OP-ED CONTRIBUTOR Will the Opposition Lead?


The war in Iraq may end up going well or catastrophically, but either way, this war has always been central to the broader war on terror. That is because terror has never been a matter of a few hundred crazies who could be rounded up by the police and special forces. Terror grows out of something larger — an enormous wave of political extremism.

The wave began to swell some 25 years ago and by now has swept across a big swath of the Muslim world. The wave is not a single thing. It consists of several movements or currents, which are entirely recognizable. These movements draw on four tenets: a belief in a paranoid conspiracy theory, according to which cosmically evil Jews, Masons, Crusaders and Westerners are plotting to annihilate Islam or subjugate the Arab people; a belief in the need to wage apocalyptic war against the cosmic conspiracy; an expectation that, post-apocalypse, the Islamic caliphate of ancient times will re-emerge as a utopian new society; and a belief that, meanwhile, death is good, and should be loved and revered.

A quarter century ago, some of the extremist movements pictured the coming utopia in a somewhat secular light, and others in a theocratic light. These differences, plus a few other quarrels, led to hatred and even war, like the one between Iran and Iraq. The visible rivalries left an impression in some people's minds that nothing tied together these sundry movements.
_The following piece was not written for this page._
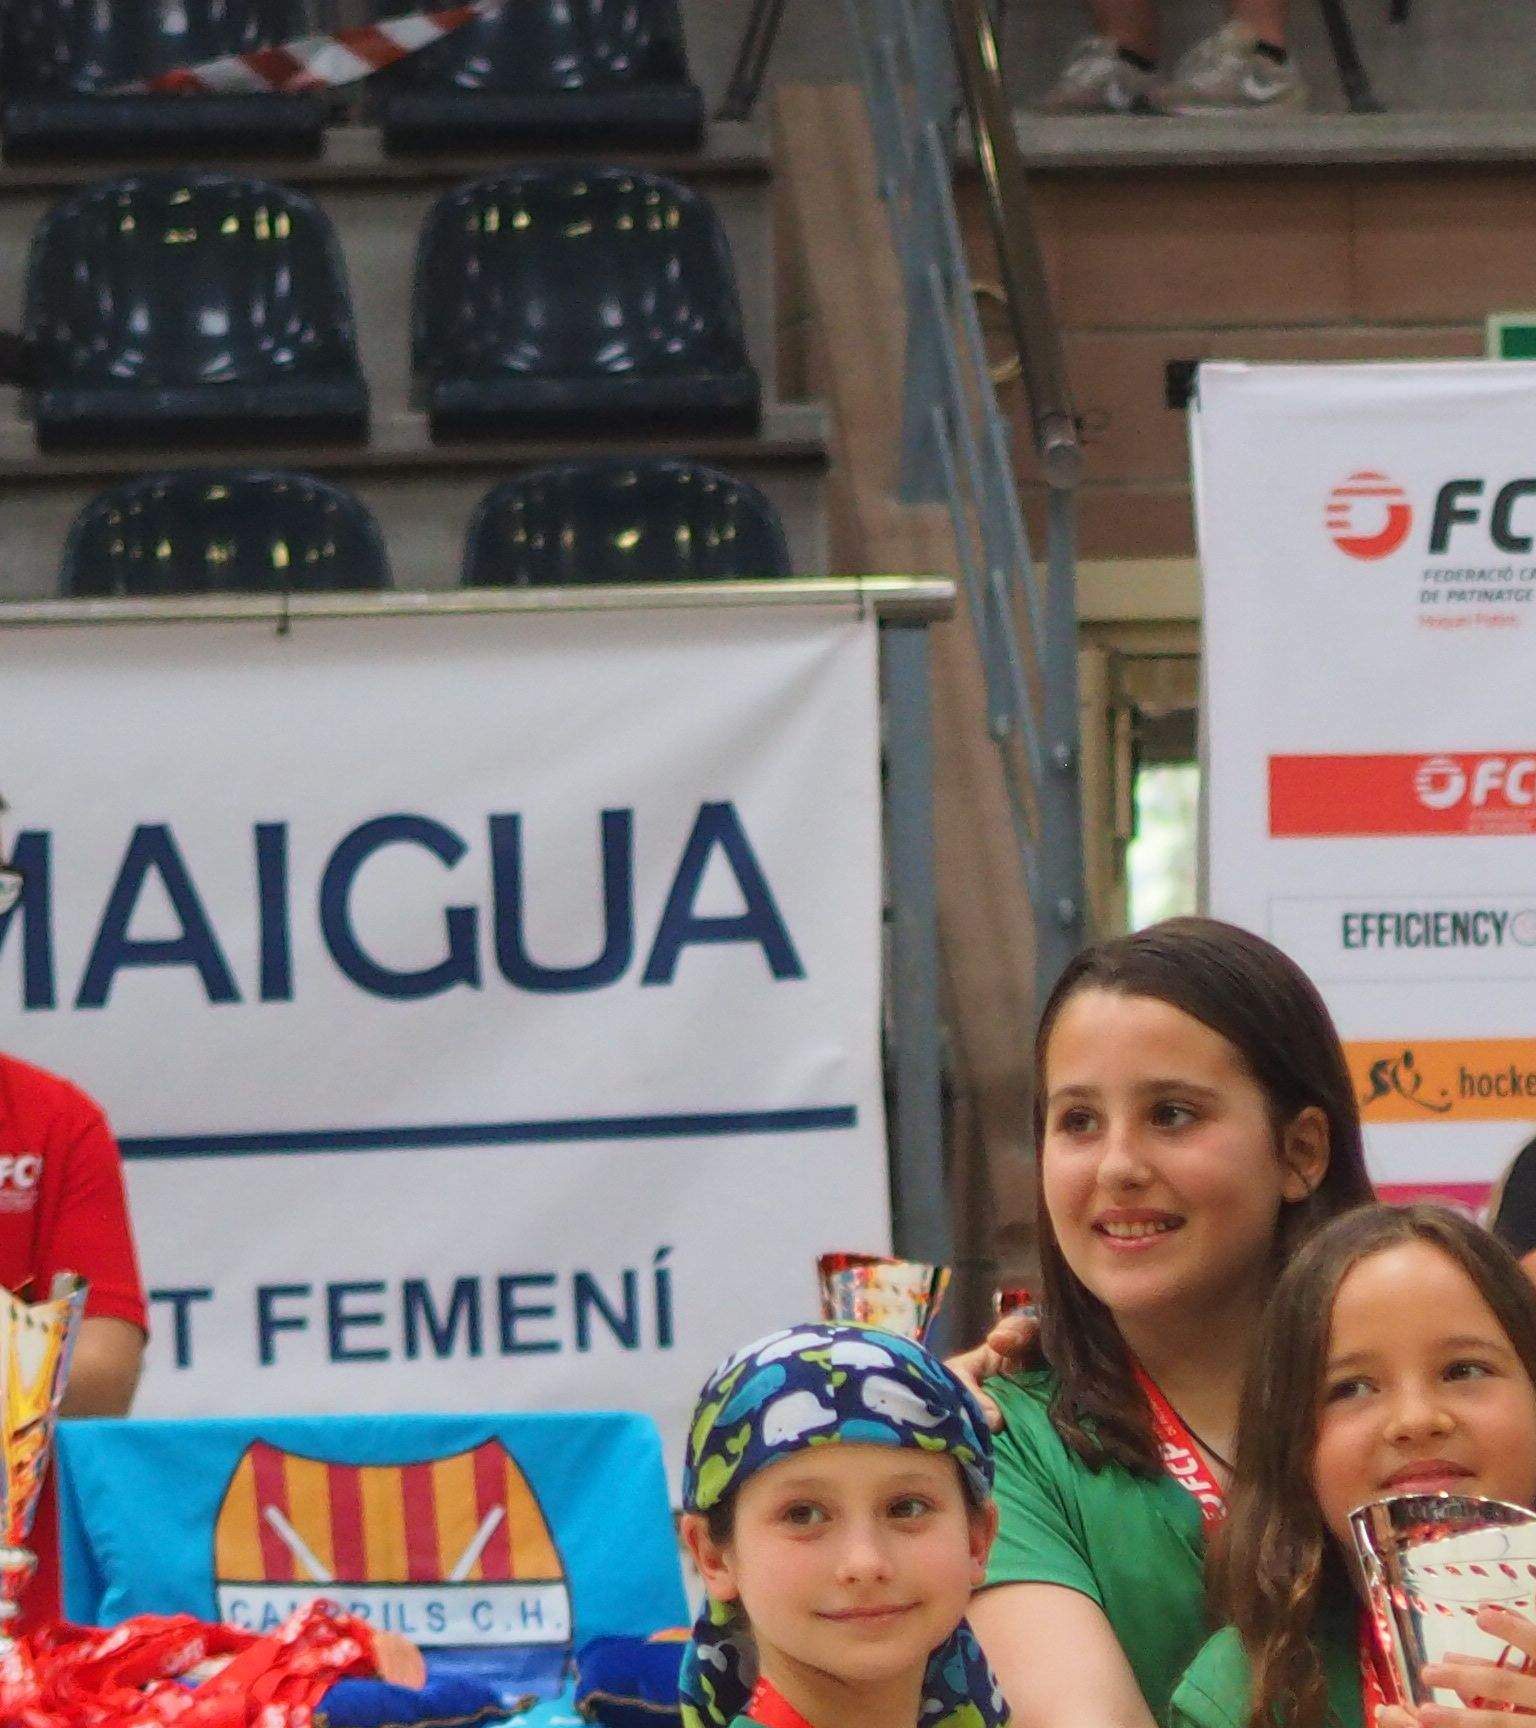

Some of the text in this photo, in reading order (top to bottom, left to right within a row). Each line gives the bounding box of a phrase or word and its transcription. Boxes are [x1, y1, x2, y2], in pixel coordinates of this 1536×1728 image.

[1342, 910, 1509, 949] EFFICIENCY
[255, 1248, 675, 1366] FEMENÍ
[1159, 1442, 1213, 1491] FCP
American foreign policy acted on that impression, and tried to play the movements against one another, and backed every non-apocalyptic dictator who promised to keep the extremists under control. The American policy was cynical and cruel. It did nothing to prevent those sundry movements and dictators from committing murders on a gigantic scale.

Nor did the policy produce anything good for America, in the long run. For the sundry movements did share a common outlook, which ought to have been obvious all along — the paranoid and apocalyptic outlook of European fascism from long ago, draped in Muslim robes. These movements added up to a new kind of modern totalitarianism. And, in time, the new totalitarianism found its common point, on which everyone could agree. This was the shared project of building the human bomb. The Shiite theocrats of Iran pioneered the notion of suicide terror. And everyone else took it up: Sunni theocrats, Baathist anti-theocrats of Iraq and Syria, the more radical Palestinian nationalists, and others, too.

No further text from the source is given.